We collected 298 resident cataract surgical videos routinely recorded during the residency training of 12 surgeons across 6 different sites. All data were de-identified and this research was deemed to be exempt by the Stanford University Institutional Review Board. The original videos were downsampled to a resolution of 456 × 256. After removing incomplete recorded videos, duplicated recordings, and videos of combined surgeries, a total of 268 videos were included in the final dataset.
A team of four trained annotators used VGG Image Annotator software
18 to manually label the start and end times for nine core steps (create wounds, inject anterior chamber, continuous curvilinear capsulorhexis, hydrodissection, phacoemulsification, irrigation/aspiration, inject lens, remove viscoelastic, and close wounds), as previously described.
13 Individual frames were extracted from the video using OpenCV (version 4.1.2)
19 at a frame capture rate of 1 frame per second, yielding a total of 457,171 extracted frames. A total of 1156 frames were randomly sampled from these 9 core steps of cataract surgery, and the masks of the 8 different classes of surgical tools (blade, forceps, second instrument, Weck sponge, needle or cannula, phaco, irrigation/aspiration handpiece, and lens injector), the pupil border, and the limbus were manually annotated.

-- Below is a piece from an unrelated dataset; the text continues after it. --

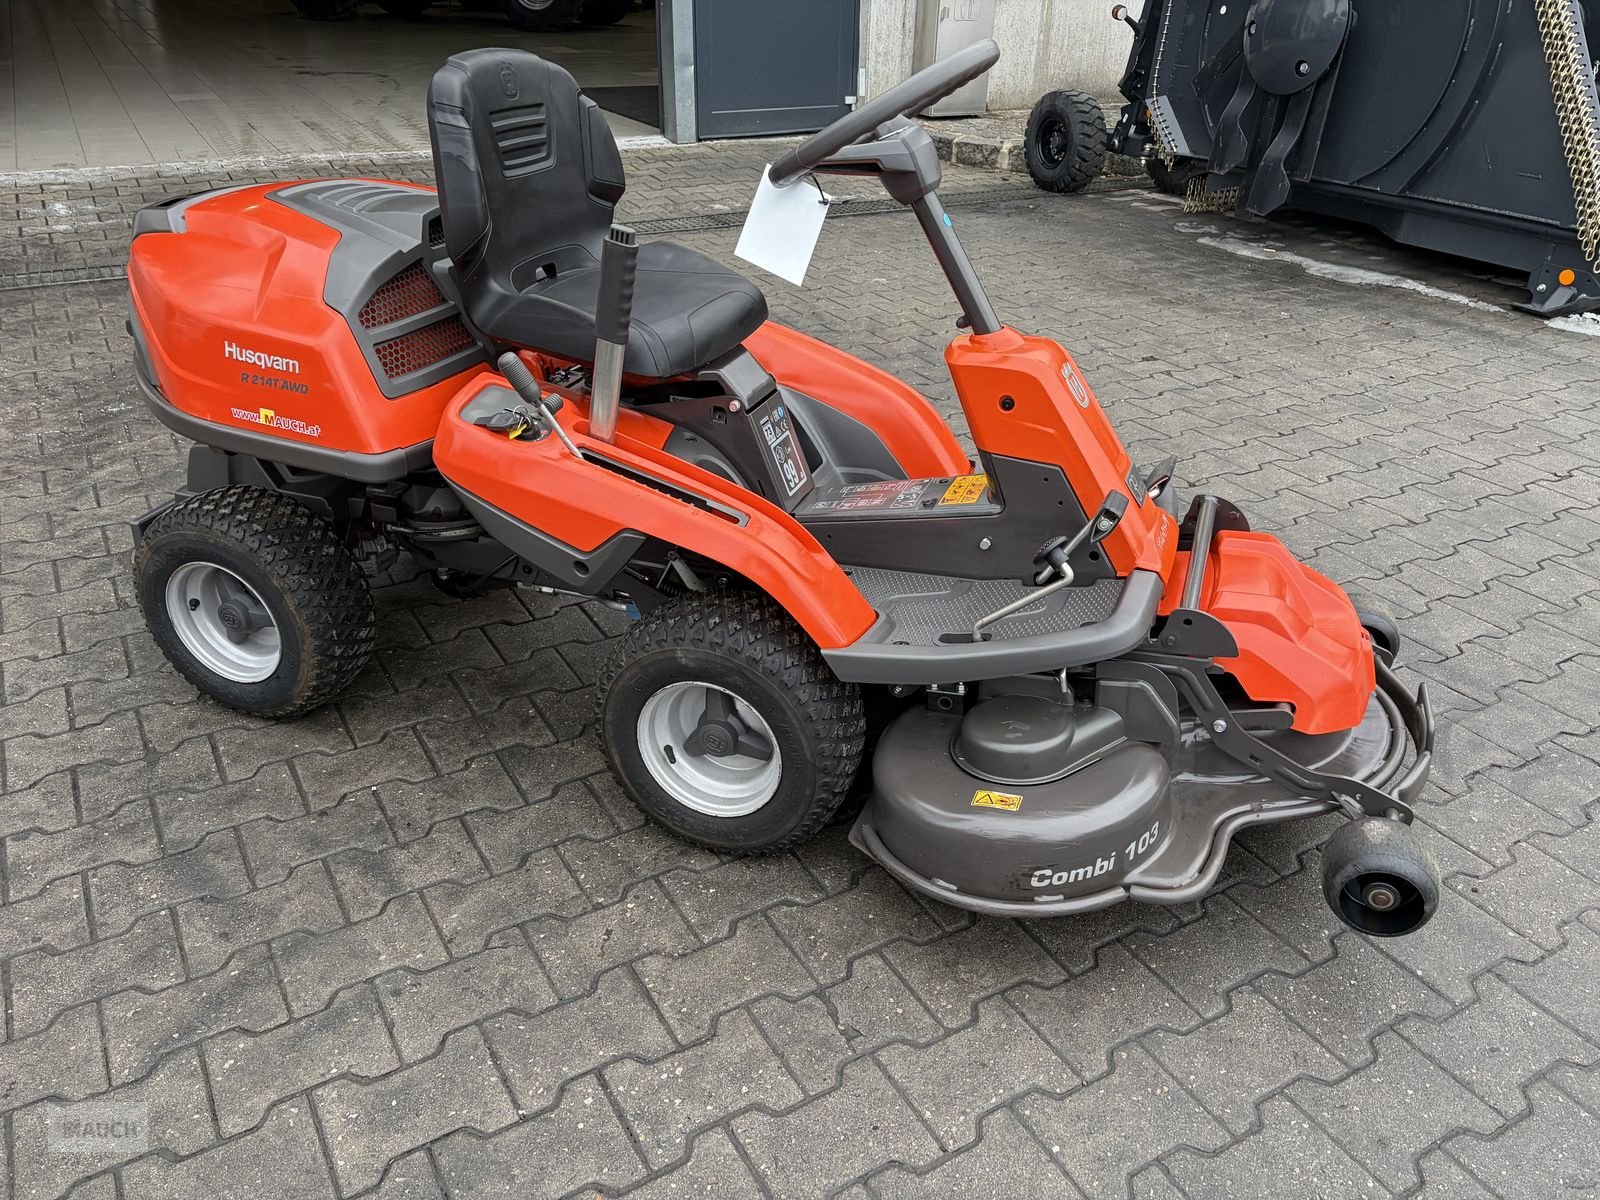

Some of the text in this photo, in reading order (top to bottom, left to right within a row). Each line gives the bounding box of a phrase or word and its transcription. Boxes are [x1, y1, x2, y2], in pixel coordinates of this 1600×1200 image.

[241, 372, 249, 383] R
[280, 380, 309, 394] AWD
[783, 459, 799, 488] 99
[1031, 821, 1159, 887] Combi 103

The labeled frames were separated by video into train, validation, and test sets, resulting in 943, 108, and 105 images in each set. Due to the relatively small size of our training set, we pretrained our model on a public cataract surgery dataset Cataract Dataset for Image Segmentation (CaDIS),
20 which contains 3550, 534, and 586 frames in the train, validation, and test sets. Among the 29 instrument classes in the CaDIS dataset, we only kept the relevant 8 instrument classes. For anatomic structure annotation, we only used the pupil and limbus.
We prepared an additional test dataset consisting of the phacoemulsification portions of 10 random videos from our test set for downstream landmark identification algorithms and surgical skill rating, because surgical skill rating and tool usage metrics (path length, velocity, and area covered detailed below) requires evaluation on continuous video clips rather than randomly sampled frames that were previously labeled. The video segments were downsampled to 1 frame per second, resulting in a total of 5853 frames on which to evaluate landmark identification performance. Four trained annotators manually labeled the coordinates of the phacoemulsifier tips, second instrument tips, and pupil centers.